Stored records

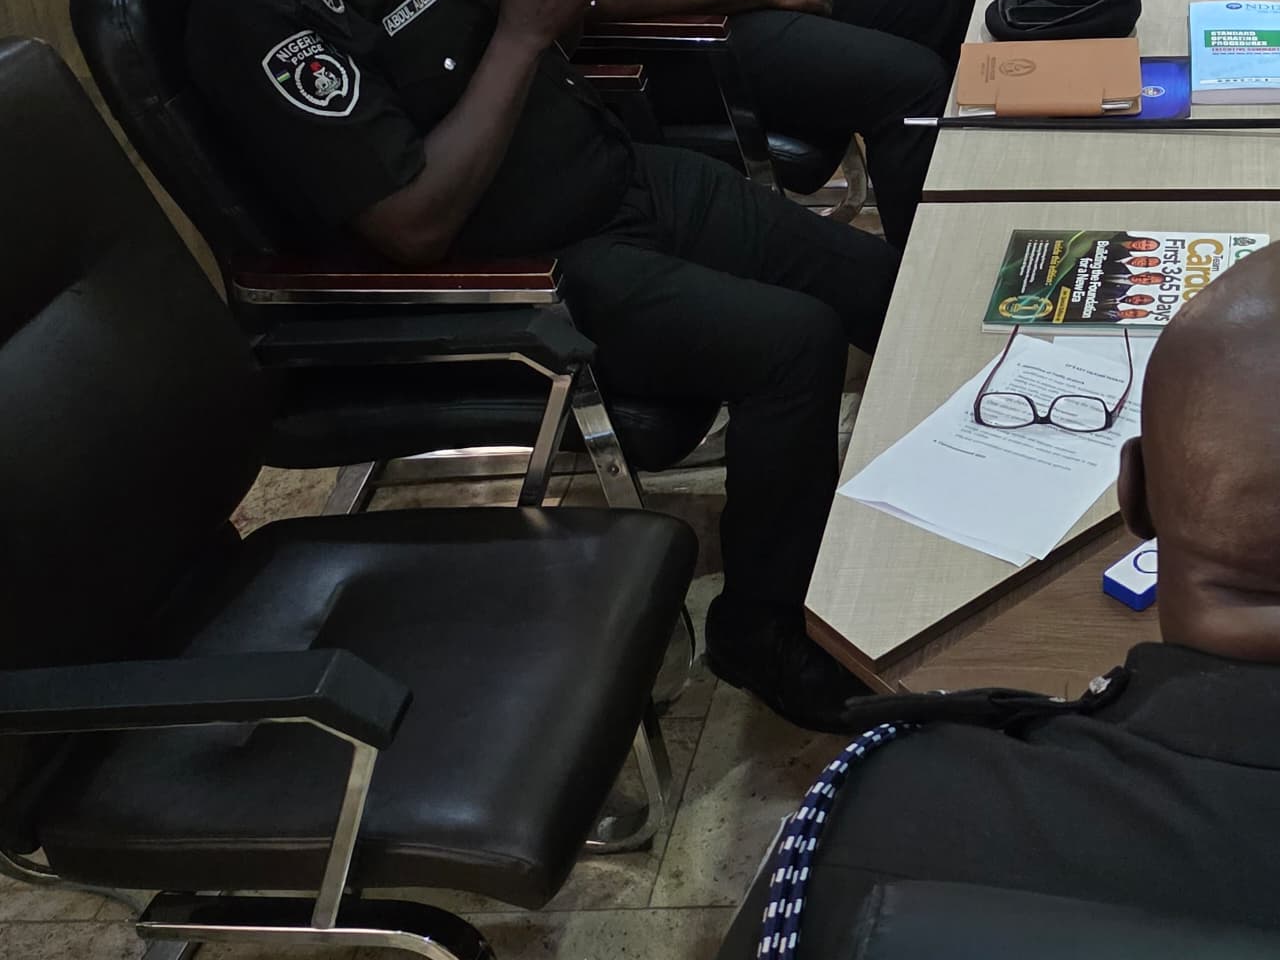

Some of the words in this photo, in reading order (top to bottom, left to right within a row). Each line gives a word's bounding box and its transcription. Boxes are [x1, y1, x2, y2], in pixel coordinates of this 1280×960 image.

[276, 32, 324, 63] NIGERIA
[291, 43, 325, 66] POLICE
[1079, 258, 1093, 269] for
[1090, 240, 1110, 269] Building
[1163, 238, 1186, 265] First
[1211, 255, 1223, 272] Team
[1073, 273, 1089, 291] New
[1089, 269, 1105, 281] the
[1160, 266, 1183, 292] 365
[1071, 291, 1085, 303] Era
[1081, 281, 1102, 319] Foundation
[1149, 294, 1180, 322] Days
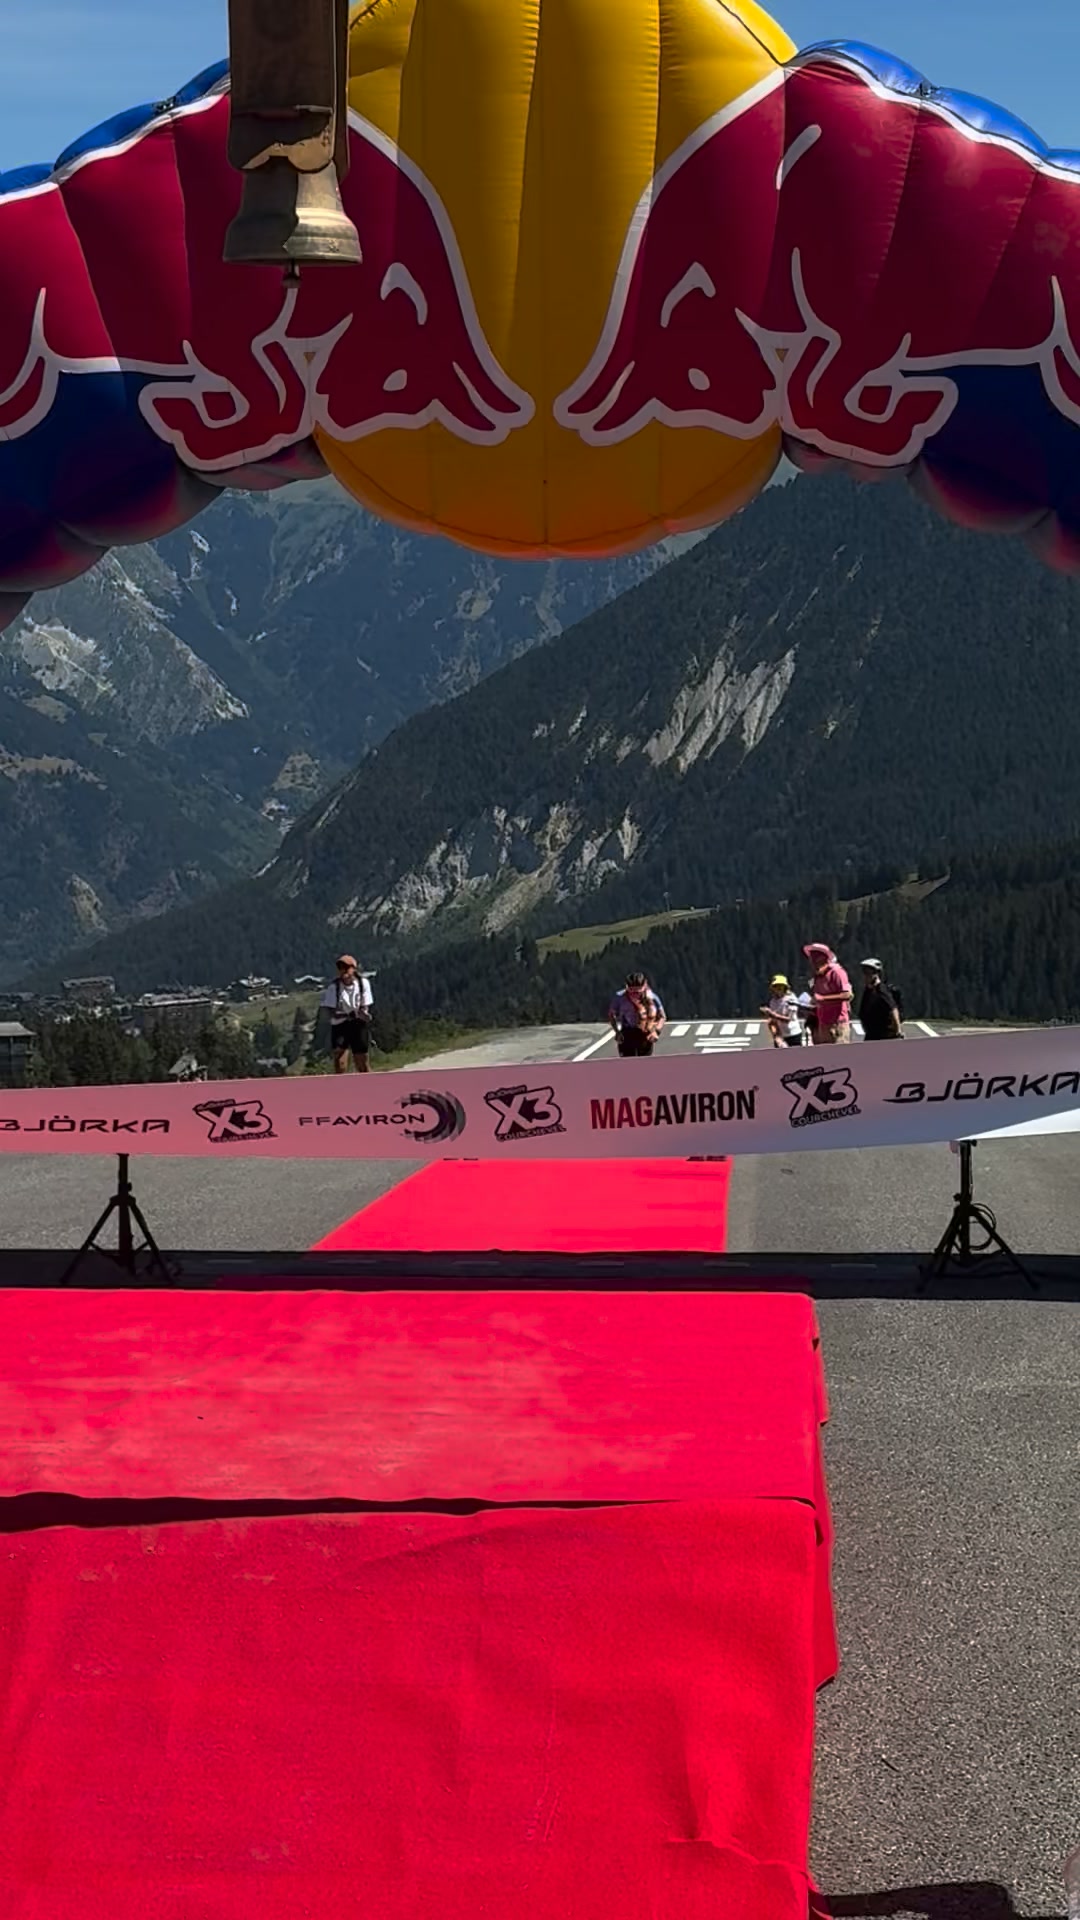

» Required work
Could the entries above be printed again exactly, apart from the pictures?

» Answer box
Some of the words in this photo, in reading order (top to bottom, left to right within a row). Each line gives a word's bounding box and its transcription. Boxes are [x1, y1, x2, y2], in pixel coordinates of this 1280×960 image.

[276, 32, 324, 63] NIGERIA
[291, 43, 325, 66] POLICE
[1079, 258, 1093, 269] for
[1090, 240, 1110, 269] Building
[1163, 238, 1186, 265] First
[1211, 255, 1223, 272] Team
[1073, 273, 1089, 291] New
[1089, 269, 1105, 281] the
[1160, 266, 1183, 292] 365
[1071, 291, 1085, 303] Era
[1081, 281, 1102, 319] Foundation
[1149, 294, 1180, 322] Days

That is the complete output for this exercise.